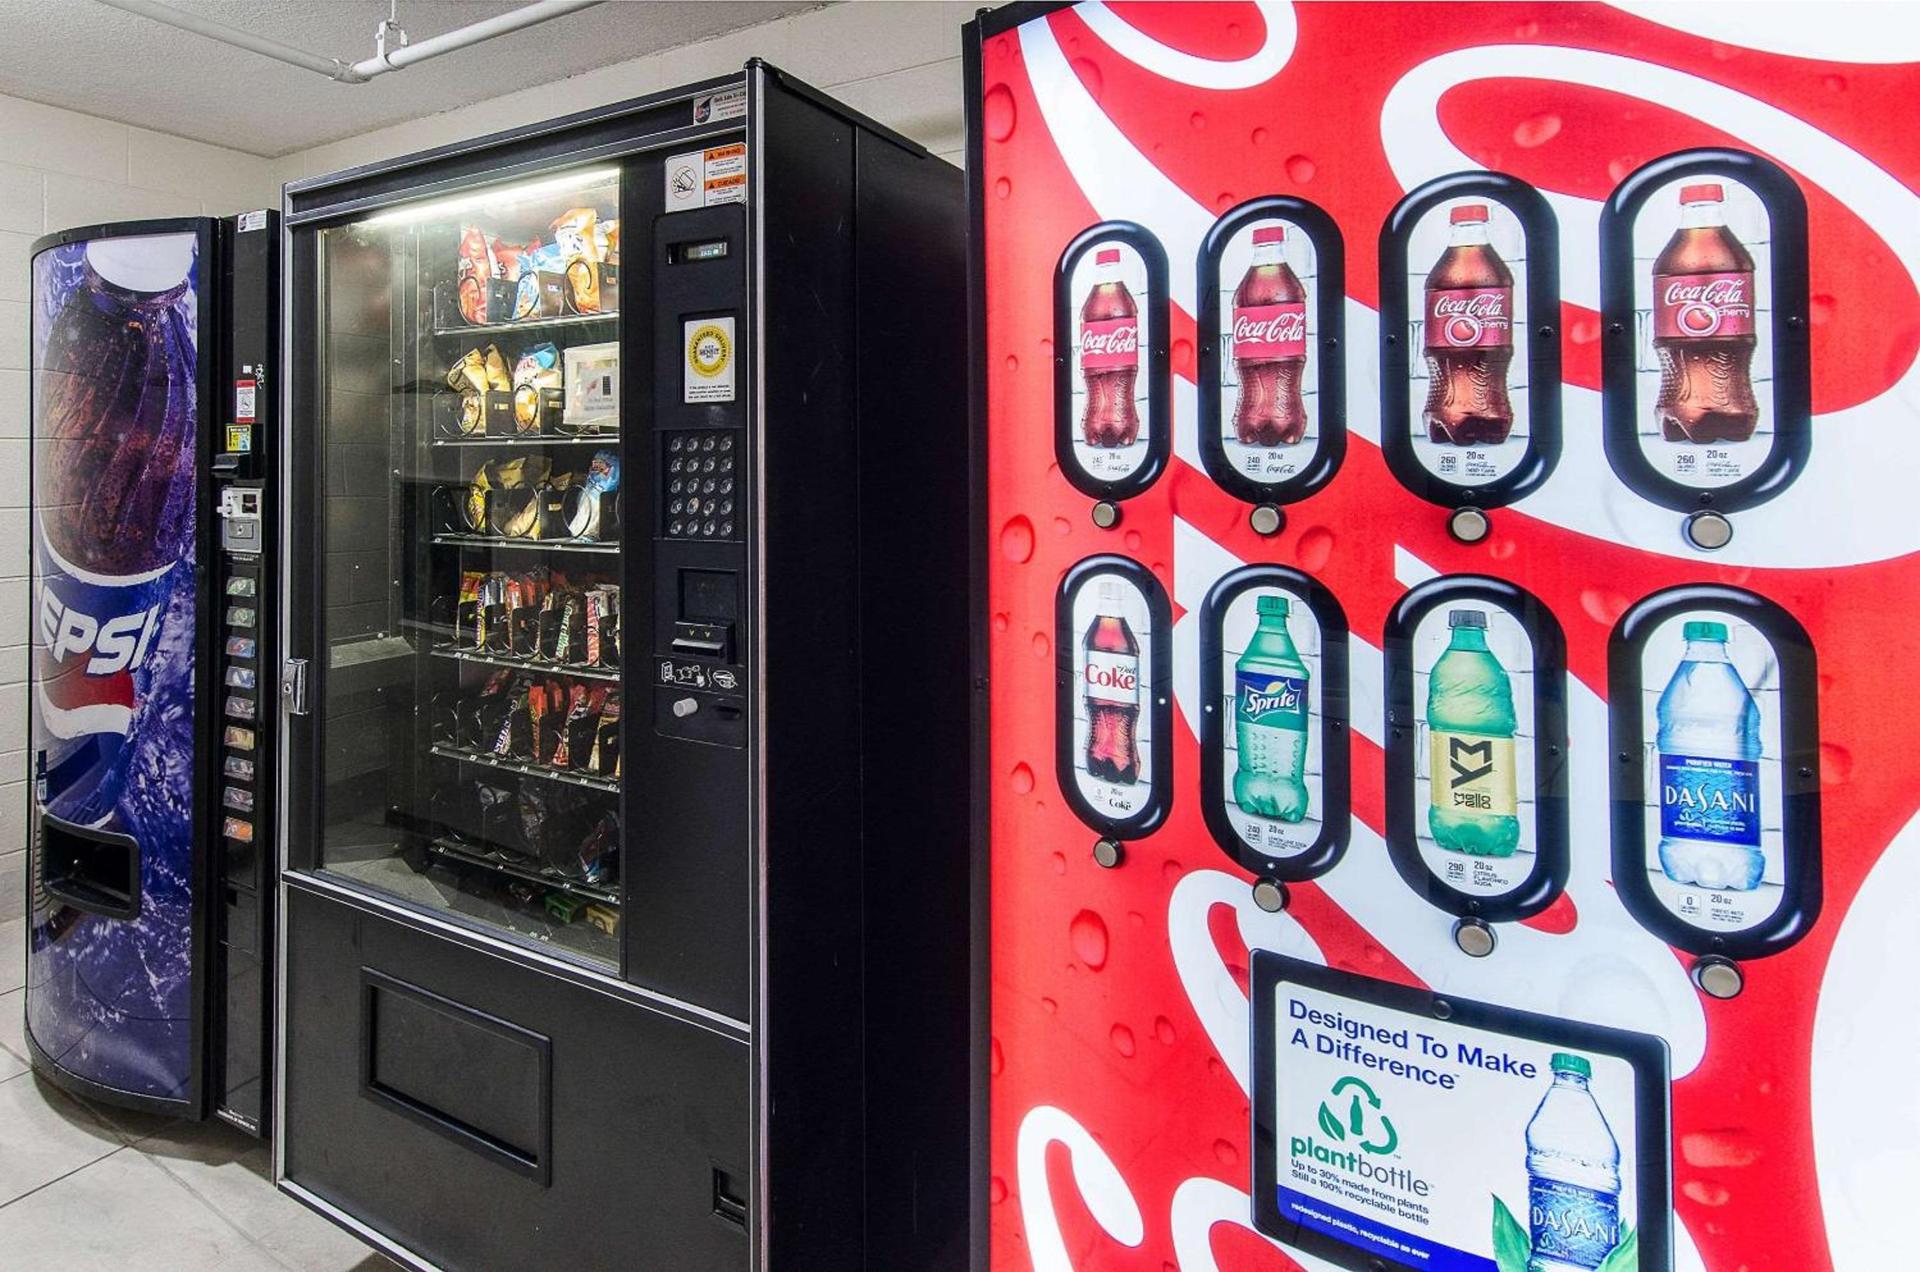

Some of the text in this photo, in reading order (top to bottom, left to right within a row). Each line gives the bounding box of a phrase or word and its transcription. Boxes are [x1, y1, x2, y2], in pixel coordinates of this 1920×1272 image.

[1665, 279, 1744, 305] Coca-Cola
[1434, 293, 1504, 318] Coca-Cola
[1082, 326, 1137, 355] Coca-Cola
[1234, 312, 1306, 344] Coca-Cola
[1441, 456, 1456, 464] 260
[1466, 451, 1476, 460] 20
[1677, 455, 1695, 464] 260
[1706, 450, 1717, 459] 20
[1085, 663, 1137, 690] Coke
[1246, 689, 1295, 715] Sprite
[1665, 783, 1754, 813] DASANI
[1448, 862, 1464, 872] 290
[1474, 861, 1484, 870] 20
[1686, 896, 1693, 905] 0
[1711, 894, 1722, 903] 20
[1289, 998, 1537, 1079] Designed To Make
[1291, 1028, 1456, 1089] A Difference
[1291, 1159, 1429, 1214] Up to 30% made from plants
[1291, 1169, 1309, 1182] Still
[1320, 1179, 1343, 1195] 100%
[1345, 1190, 1396, 1214] recyclable
[1398, 1207, 1429, 1225] bottle
[1291, 1203, 1430, 1260] redesigned plastic, recyclable as ever
[1533, 1206, 1616, 1245] DASANI
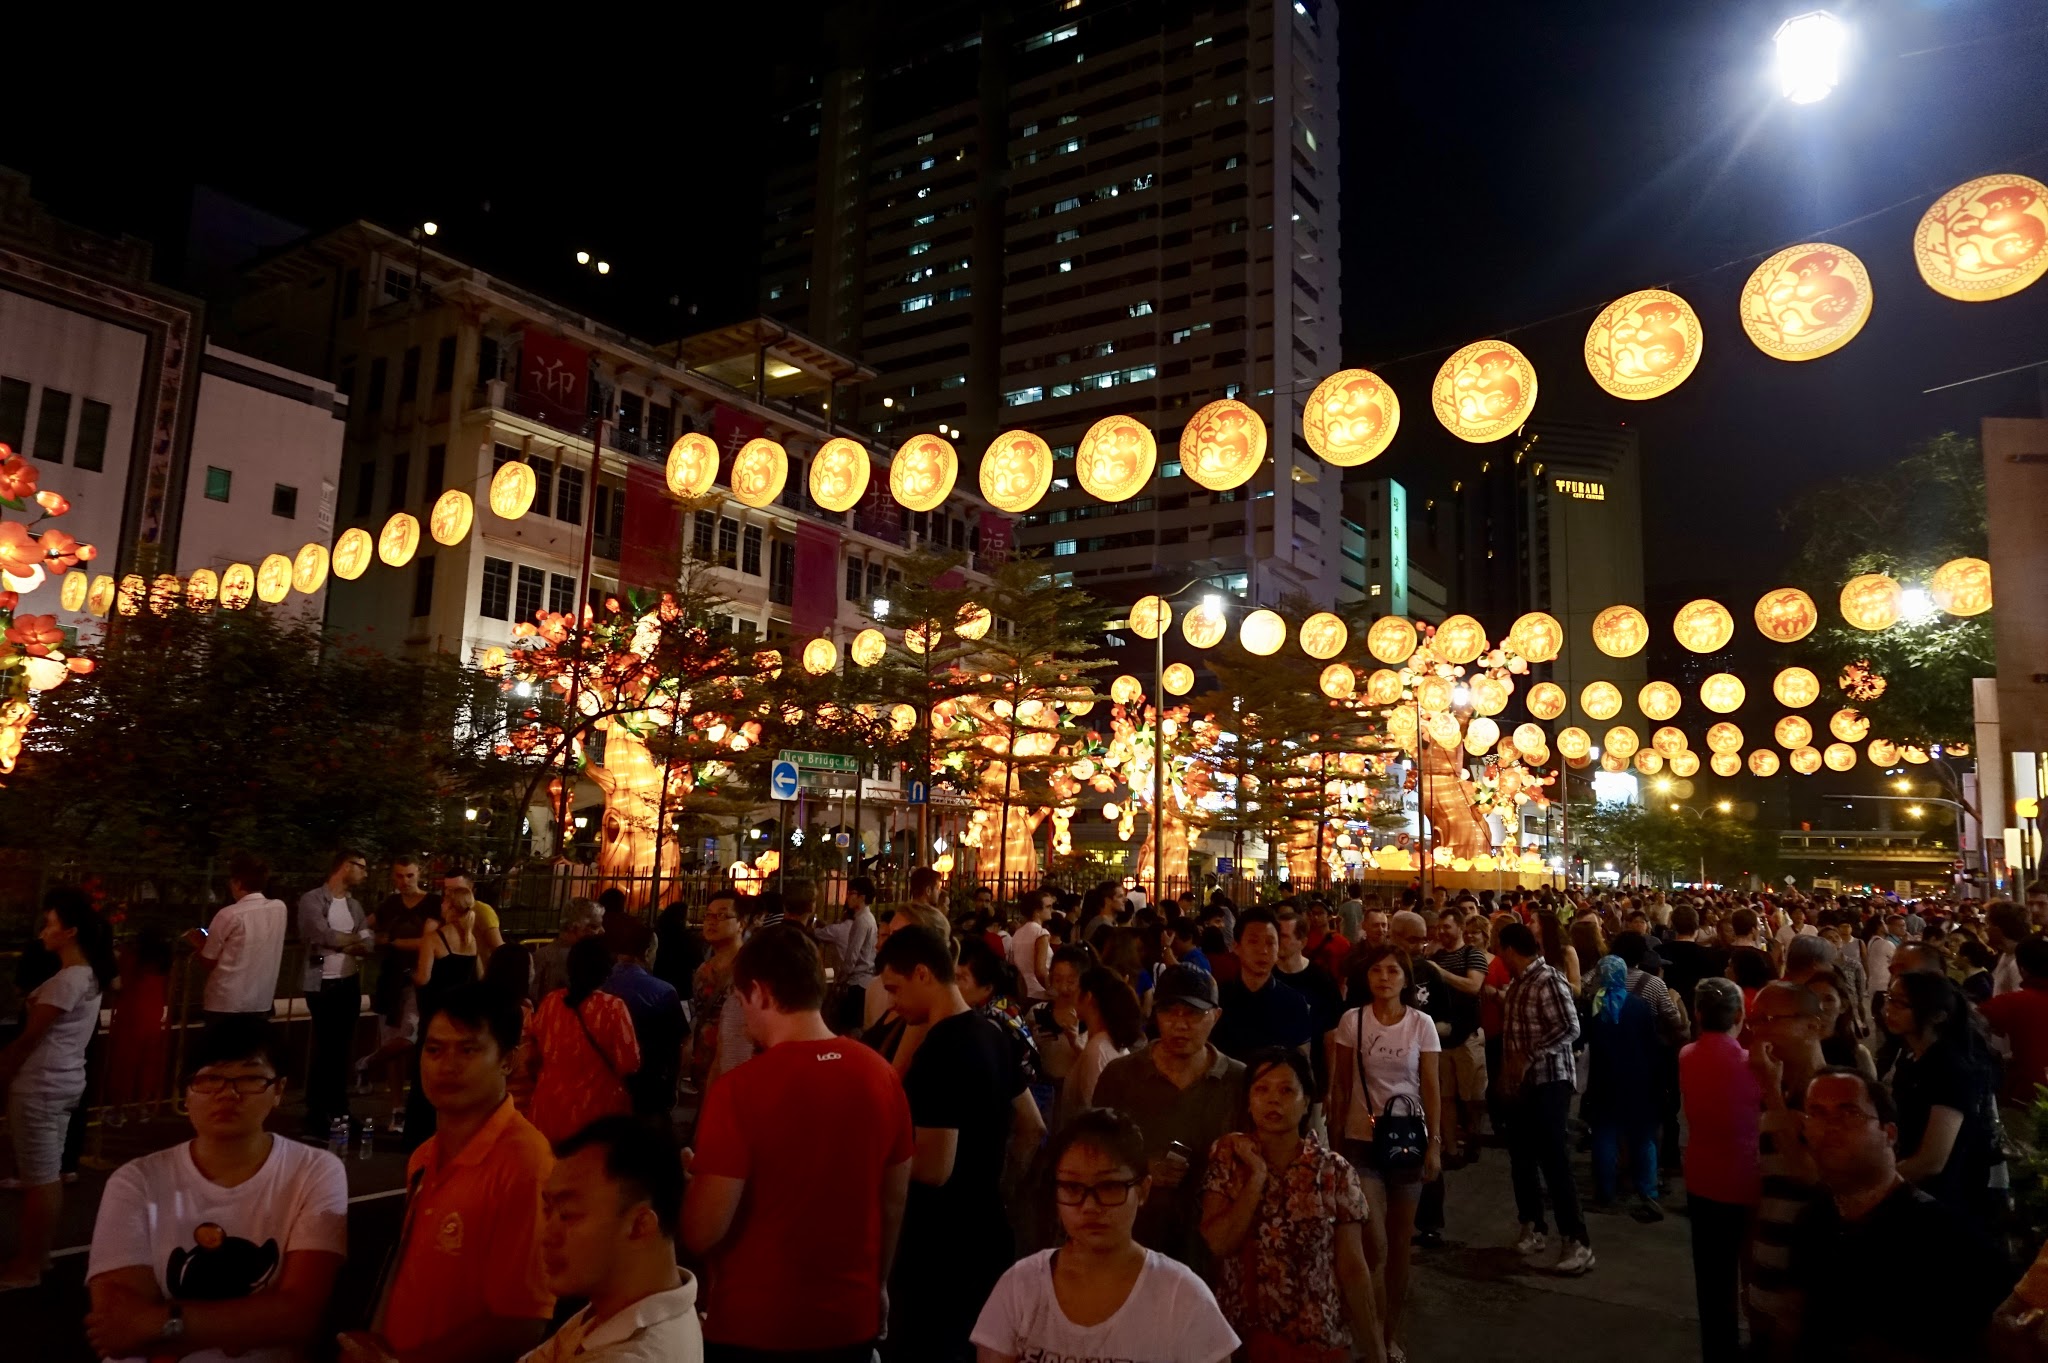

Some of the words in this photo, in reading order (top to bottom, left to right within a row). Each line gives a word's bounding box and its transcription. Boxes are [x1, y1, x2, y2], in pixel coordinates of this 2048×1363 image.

---------------

Task brief
Although the records contain pictures, print only the rest, exactly as written.

Output
Some of the text in this photo, in reading order (top to bottom, left to right within a row). Each line gives the bounding box of a phrase or word and its transcription. Boxes are [x1, y1, x2, y2], in pixel coordinates of this 1920×1272 image.

[1665, 279, 1744, 305] Coca-Cola
[1434, 293, 1504, 318] Coca-Cola
[1082, 326, 1137, 355] Coca-Cola
[1234, 312, 1306, 344] Coca-Cola
[1441, 456, 1456, 464] 260
[1466, 451, 1476, 460] 20
[1677, 455, 1695, 464] 260
[1706, 450, 1717, 459] 20
[1085, 663, 1137, 690] Coke
[1246, 689, 1295, 715] Sprite
[1665, 783, 1754, 813] DASANI
[1448, 862, 1464, 872] 290
[1474, 861, 1484, 870] 20
[1686, 896, 1693, 905] 0
[1711, 894, 1722, 903] 20
[1289, 998, 1537, 1079] Designed To Make
[1291, 1028, 1456, 1089] A Difference
[1291, 1159, 1429, 1214] Up to 30% made from plants
[1291, 1169, 1309, 1182] Still
[1320, 1179, 1343, 1195] 100%
[1345, 1190, 1396, 1214] recyclable
[1398, 1207, 1429, 1225] bottle
[1291, 1203, 1430, 1260] redesigned plastic, recyclable as ever
[1533, 1206, 1616, 1245] DASANI

Some of the words in this photo, in reading order (top to bottom, left to right within a row). Each line gives a word's bounding box and its transcription. Boxes are [x1, y1, x2, y2], in pixel coordinates of this 2048×1363 image.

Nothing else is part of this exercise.